365 dias com poesia, 06 de maio de 2015 -- Lugares-incomuns: rosa

Lugares-incomuns: rosa

Mudança de rosa (rota)
Rosa de colisão (rota)
Quem tem boca vai à Rosa (Roma)
Com a rosa entre as pernas (o rabo)

Rosa suja se lava em casa (roupa)

terça-feira, 5 de maio de 2015

Pancetti, quadro. Poema: dezessete anos

dezessete anos

À memória de Fê

Irmão engraçado que a maioria ainda desconhece a força da ilusão
Todos juntos poderíamos sonhar um país
Mas não conseguimos nem estender as mãos
Num aperto frágil mas sincero
Não conseguimos mais ser sinceros porque queremos o que é do outro sem esforço

Ninguém gosta da força da descoberta no processo todos só querem o resultado corrido apertado em peitos cada vez mais juvenis engraçado que achávamos que éramos jovens mas hoje acho que éramos (e somos ainda) eternos na capacidade de amar mesmo sem nos tocar há mais de dezessete anos...

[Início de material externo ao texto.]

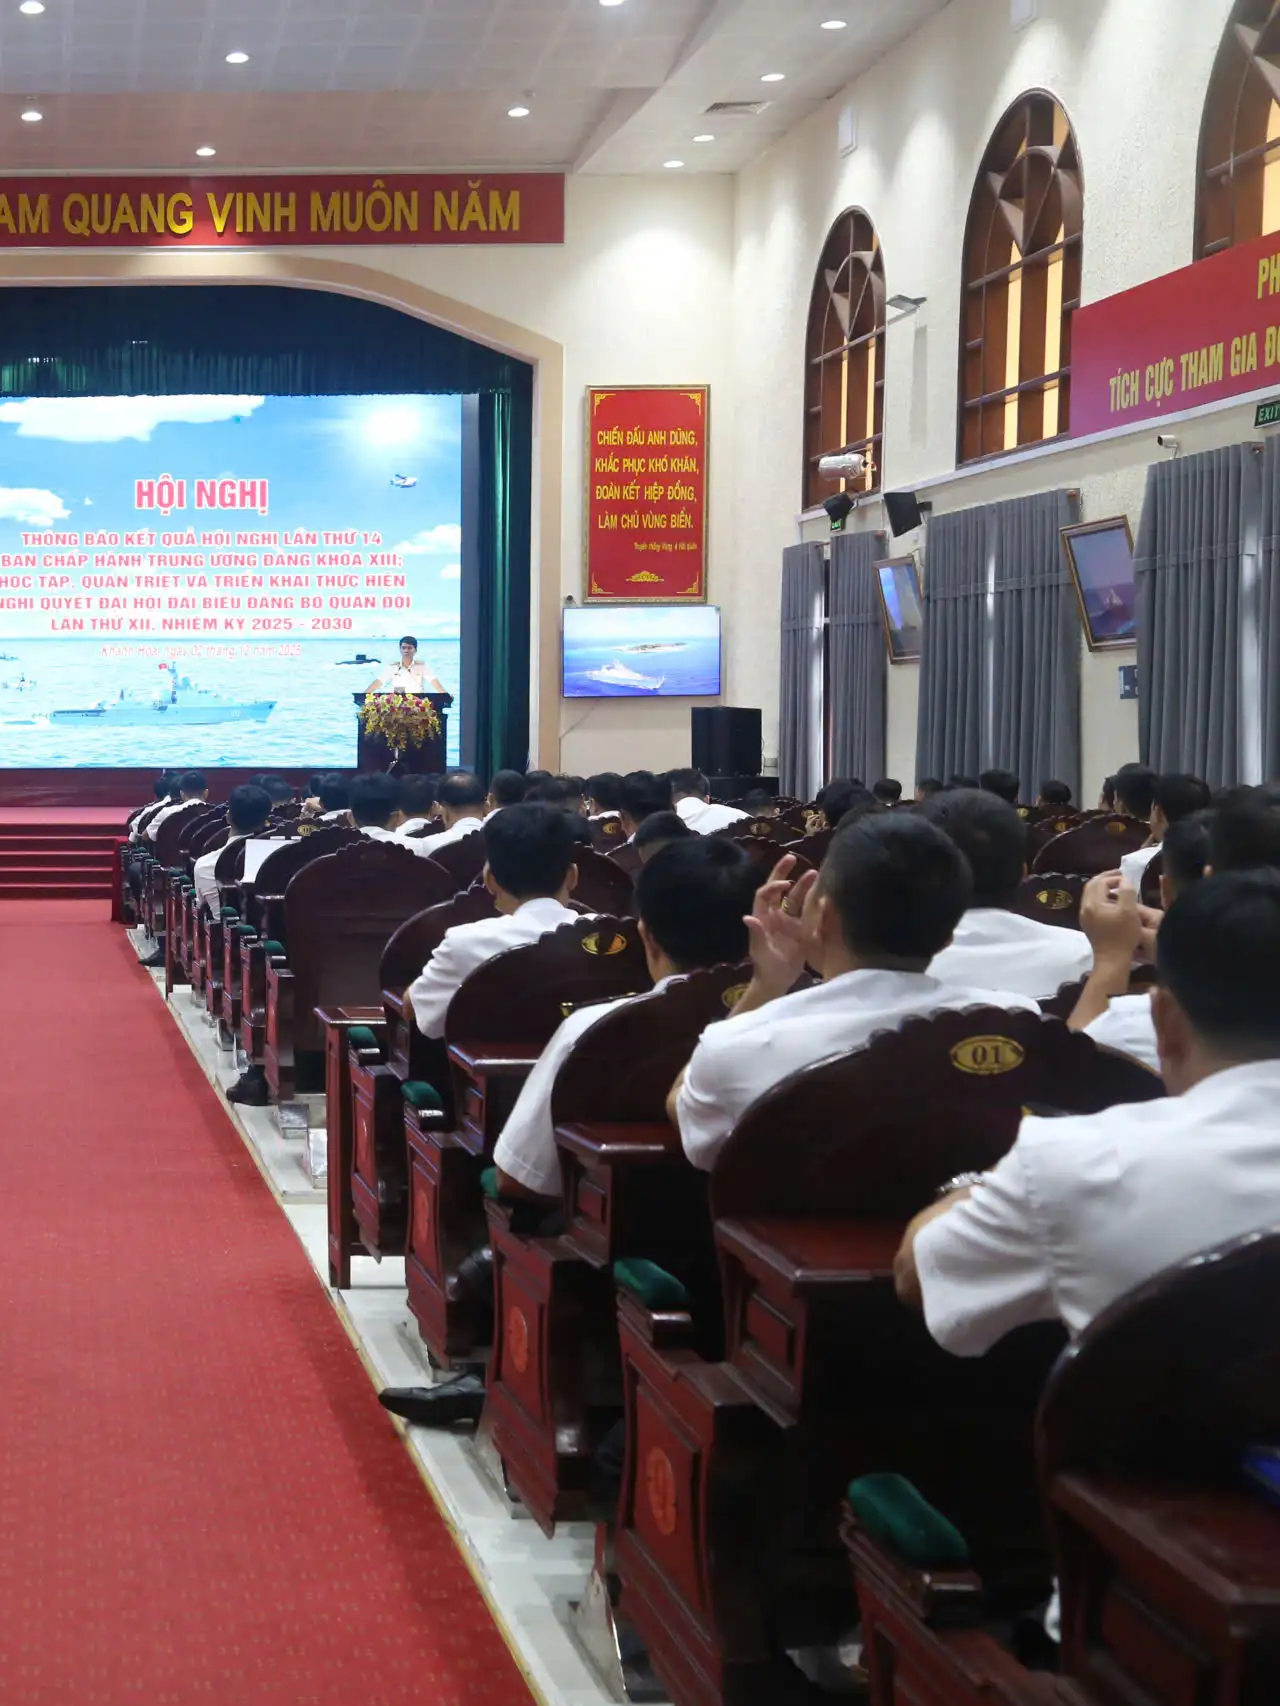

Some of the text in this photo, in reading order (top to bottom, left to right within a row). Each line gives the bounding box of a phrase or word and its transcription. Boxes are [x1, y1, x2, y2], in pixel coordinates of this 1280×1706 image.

Pancetti, quadro. Poema: sabor

sabor

flor na flor, cor

cor na cor, incolor

dor na dor, indolor

Pancetti, quadro. Poema: machado

machado

 

rápido e indolor
um poema
é um machado
no caule de uma árvore de certezas


...e deixa marcas que podem ser chamadas obras de arte

Pancetti, quadro. Poema: Semente

Semente

toda vez
que sua sombra
me invade
faz de mim

árvore

Pancetti, quadro. Poema: Borboletra 2

Borboletra 2

aqui
é
escuro
luzes
me incomodam
o aperto
é
de certo modo necessário
um pingo numa letra
por vezes é um estuário
às vezes balanço
avanço
pensamentos
voam
e me aquecem
o som a sombra
o certo o incerto
tudo
valoriza minha solidão
e desde que comecei a me entender
acredito acredito acredito
piamente
no devir

só assim devo atingir

Pancetti, quadro. Poema: Planteu

Planteu


Eu nascendo, flor

Eu crescendo

Eu correndo

Eu aprendendo

Eu sofrendo

Eu crescendo

Eu querendo

Eu aprendendo

Eu sofrendo

Eu sofrendo

Eu encolhendo

Eu sofrendo

Eu sofrendo

Eu sofrendo


Eu morrendo, flor

Pancetti, quadro. Poema: Crianças

Crianças

À memória de Bertha Plácido

Criança
Como estas?
Já virou rosa ou árvore frondosa?
Já construiu um jardim de sorrisos para mim?
Nesse mundo cinza suas cinzas espalhadas são a esperança

Sinto saudade de sua definição de solidão: “Cada plantinha tem um verde diferente...”.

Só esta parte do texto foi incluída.